Rename Ana to Raiden from Metal Gear and Beto to Lisa from Blackpink. FTSOC suppose not. Label the numbers $a_1, a_2, \dots, a_n$. Claim: Lisa from Blackpink wins for prime $n \ge 3$. Proof. We show that given two turkeys with distance $k$, its possible to create distance $n + 2$ or $n - 2$ as desired for Lisa from Blackpink, taken $\pmod{p}$, which finishes by repeating. This is possible if the whistle ever causes the turkeys move in opposite directions. If the whistle causes the turkeys to move in the same direction, we can shift the two turkeys over one cyclically until this occurs, in which case we are done. FTSOC this never occurs, then this implies that $a_{i-1} > a_{i+1} \iff a_{i+k-1} > a_{i+k+1}$. However, since $n$ is prime this implies that $a_{i-1} > a_{i+1} \iff a_{i+1} > a_{i+3}$, creating a monotonic chain $a_0, a_2, \dots$, contradiction. $\blacksquare$ Claim: Raiden from Metal Gear wins if $n = ab$ is composite. Proof. Raiden from Metal Gear can simply make the relations between $a_0, a_2, \dots, a_{2n}$ cyclic with period $a$. This can be done by having it first increase $a-1$ times, then decrease once. Then the two turkeys with distance $a$ between them never meet. $\blacksquare$

Beto wins if $n$ is prime, and otherwise Ana can win. Suppose that we have $n=ab$ with $a,b>1$ positive integers. Tag the vertices in the order $1,a+1,2a+1,\ldots,a(b-1)+1,2,a+2,\ldots,a(b-1)+2,\ldots,a,2a,\ldots,ab$. It is easy to see (by induction) that the turkeys that start at vertices $1$ and $2$ always move in the same direction, hence they never end up on the same vertex. Now suppose $n$ is a prime (hence odd). Let $v_1,\ldots,v_n$ be the vertices of the $n$-gon in order and let the numbers on them be $a_1,\ldots,a_n$. It suffices to show that we can move any two turkeys to the same vertex, whence we may merge them into a single turkey and repeat. Suppose each side of the $n$-gon has side length $1$. Take two arbitrarily placed turkeys (on different vertices) and consider the unique non-self-intersecting path $v_i,\ldots,v_j$ with even length between the two turkeys. Then Beto makes an action that moves the turkey from $v_i$ to $v_{i+1}$ and repeats this indefinitely, so the turkey originally at $v_i$ moves in the same direction around the polygon always. This will never decrease the length of this path (note that the turkeys can't move "over" each other), so if the turkeys never end up on the same vertex then the length of this arc must be eventually constant, say of length $l>0$. Since the turkey originally at $v_i$ visits every vertex of the polygon after the length of this arc becomes eventually constant, at which point the other turkey makes identical moves, it follows that for all $k$ we have $\mathrm{sgn}(a_{k-1}-a_{k+1})=\mathrm{sgn}(a_{k+l-1}-a_{k+l+1})$. Since $n$ is an odd prime, repeatedly applying this means that $\mathrm{sgn}(a_{k-1}-a_{k+1})$ is constant for all $k$. Thus if WLOG $a_1>a_3$, we find $a_1>a_3>a_5>\cdots>a_{2n-1}>a_{2n+1}=a_1$ (where indices are taken modulo $n$): absurd. Therefore Beto will eventually be able to merge the two turkeys, as desired. $\blacksquare$

similar to above i think Beto wins iff $n$ is prime. $n$ is not a prime. Here, I claim that Ana wins. What she does is if $n=a\cdot b$ placing a $1$ in some spot, then place a $2$ $a$ steps counterclockwise. Repeat until a $b$, then then place $b+1$ to the left of the $1$, and repeat. This results in $1, 1+b, 1+2b, \dots, 1+(a-1)b, 2, 2+b, \dots$. Now, if we place a greater than or less than sign between each two numbers, rotating the grid $a$ cells gives a copy of the grid.
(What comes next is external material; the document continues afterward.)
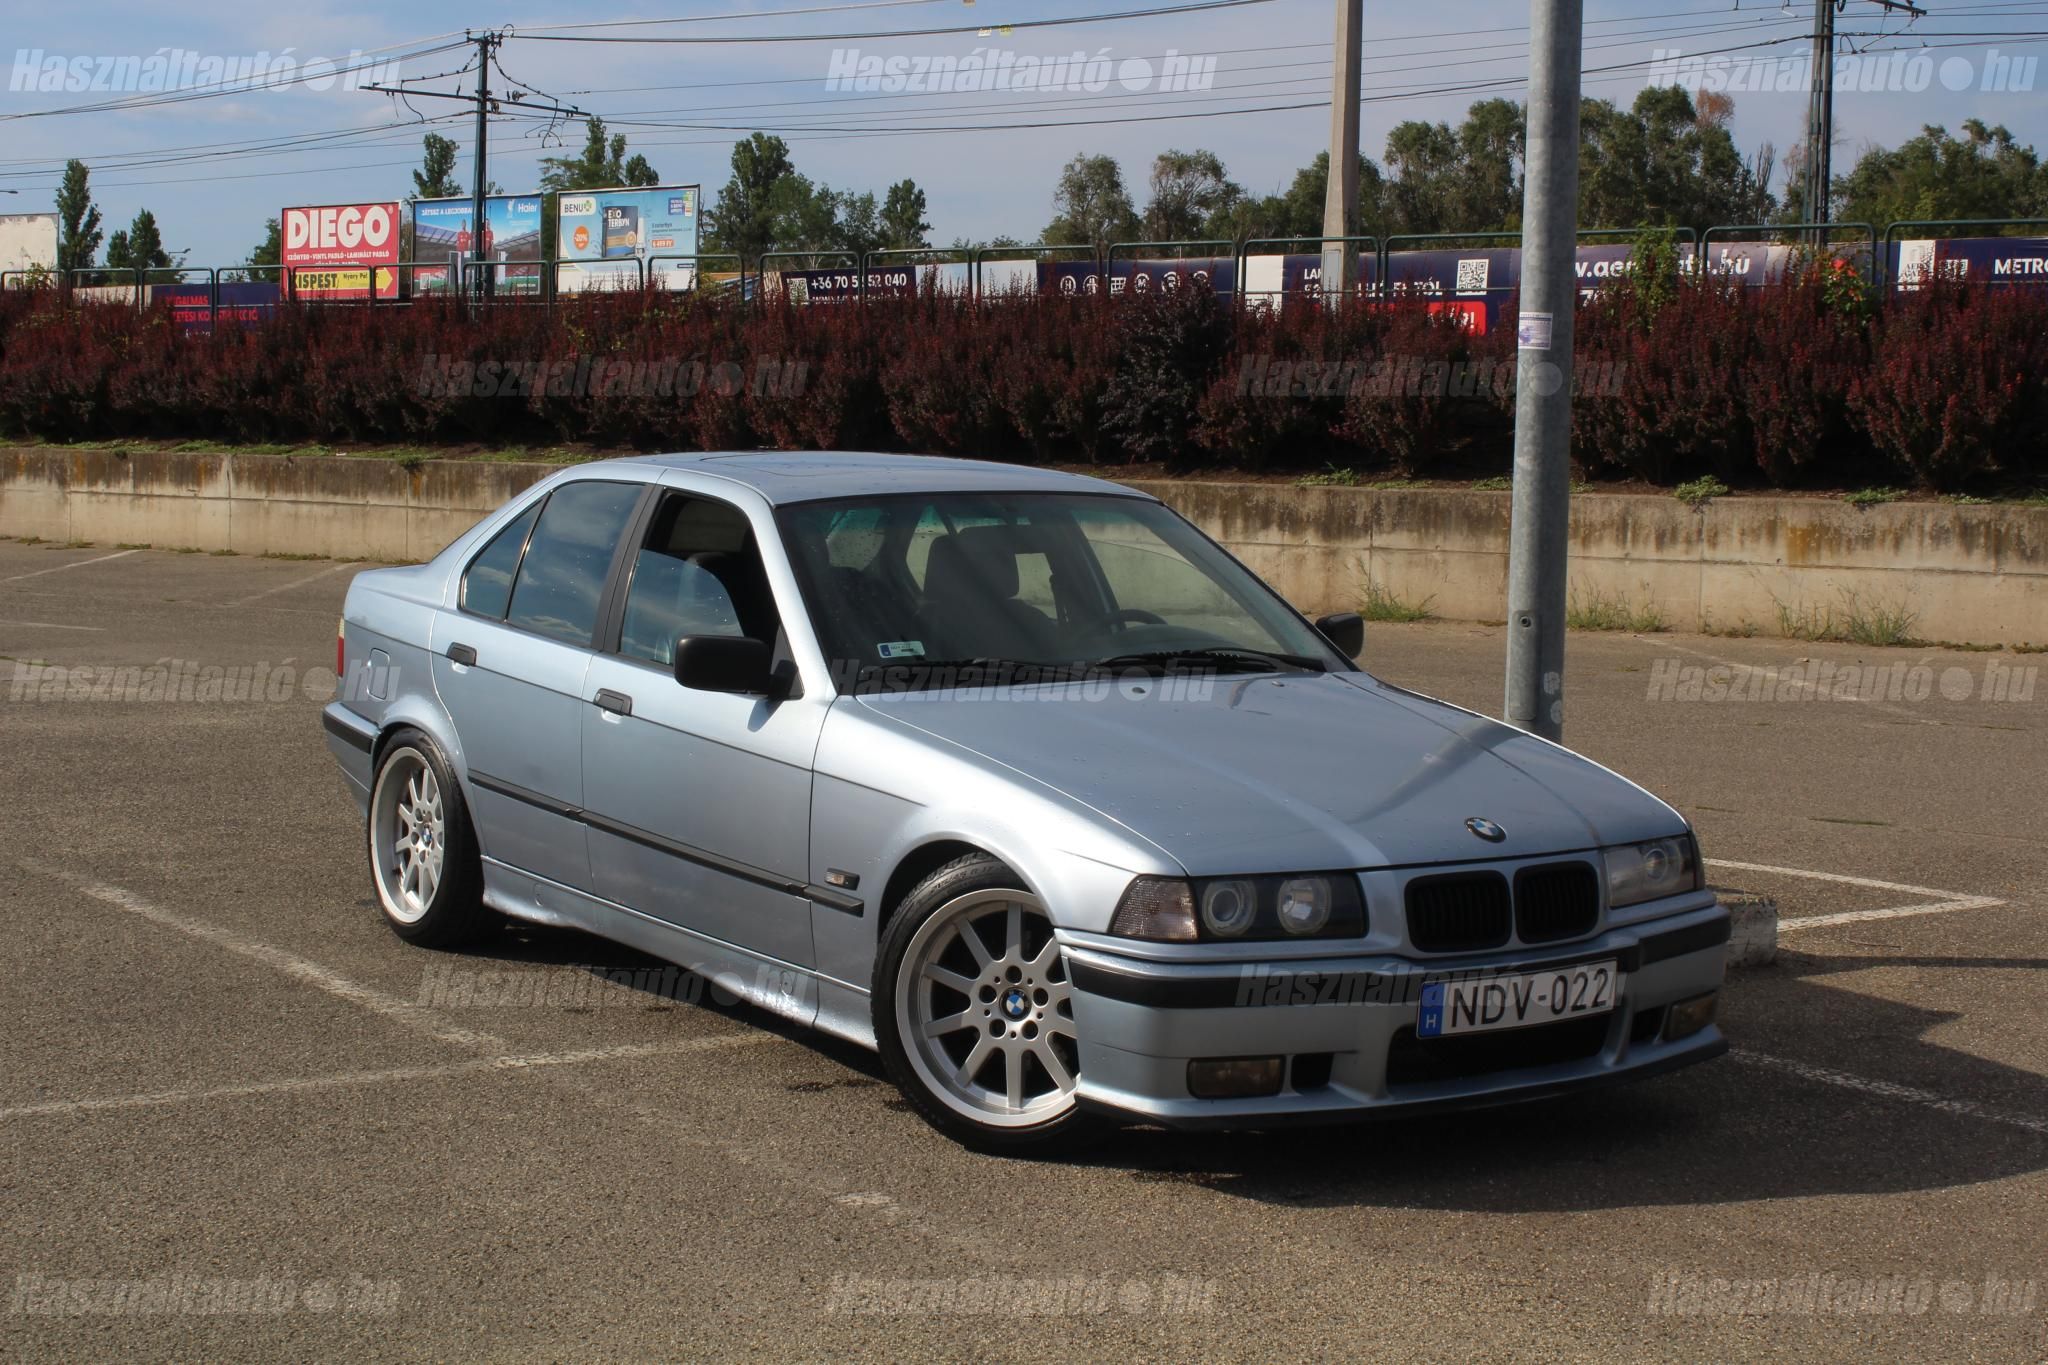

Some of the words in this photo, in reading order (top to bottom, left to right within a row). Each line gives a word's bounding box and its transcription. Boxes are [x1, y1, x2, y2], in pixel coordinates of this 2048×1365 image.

Thus two turkeys starting $a$ away from each other can never merge together. $n$ is a prime. Here, I claim Beto can win. In fact, i claim the following. Claim: Beto can merge any two turkeys. Proof. Consider any two turkeys $A,B$ on a prime sized circle. Either their counterclockwise distance from $A$ to $B$ is even or their clockwise distance is even, so WLOG the counterclockwise distance from $A$ to $B$ is even. Then, the strategy for Beto is to always do the motion that moves $A$ counterclockwise. Indeed, the counterclockwise distance from $A$ to $B$ is always even after each step -- it decreases by $0$ or $2$. However, it can't always decrease by $0$ during a full circle by $A$, as that would imply that greater than/less than sign assignment from above is periodic. This contradicts $n$ being a prime. Thus as $A$ makes a full circle the counterclockwise distance from $A$ to $B$ is even and decreases, so it will eventually become $0$ and the two turkeys are merged. $\blacksquare$ Remark: This process in the claim is similar to a duck-duck-goose game: $A$ chases $B$ around the circle and eventually will catch up!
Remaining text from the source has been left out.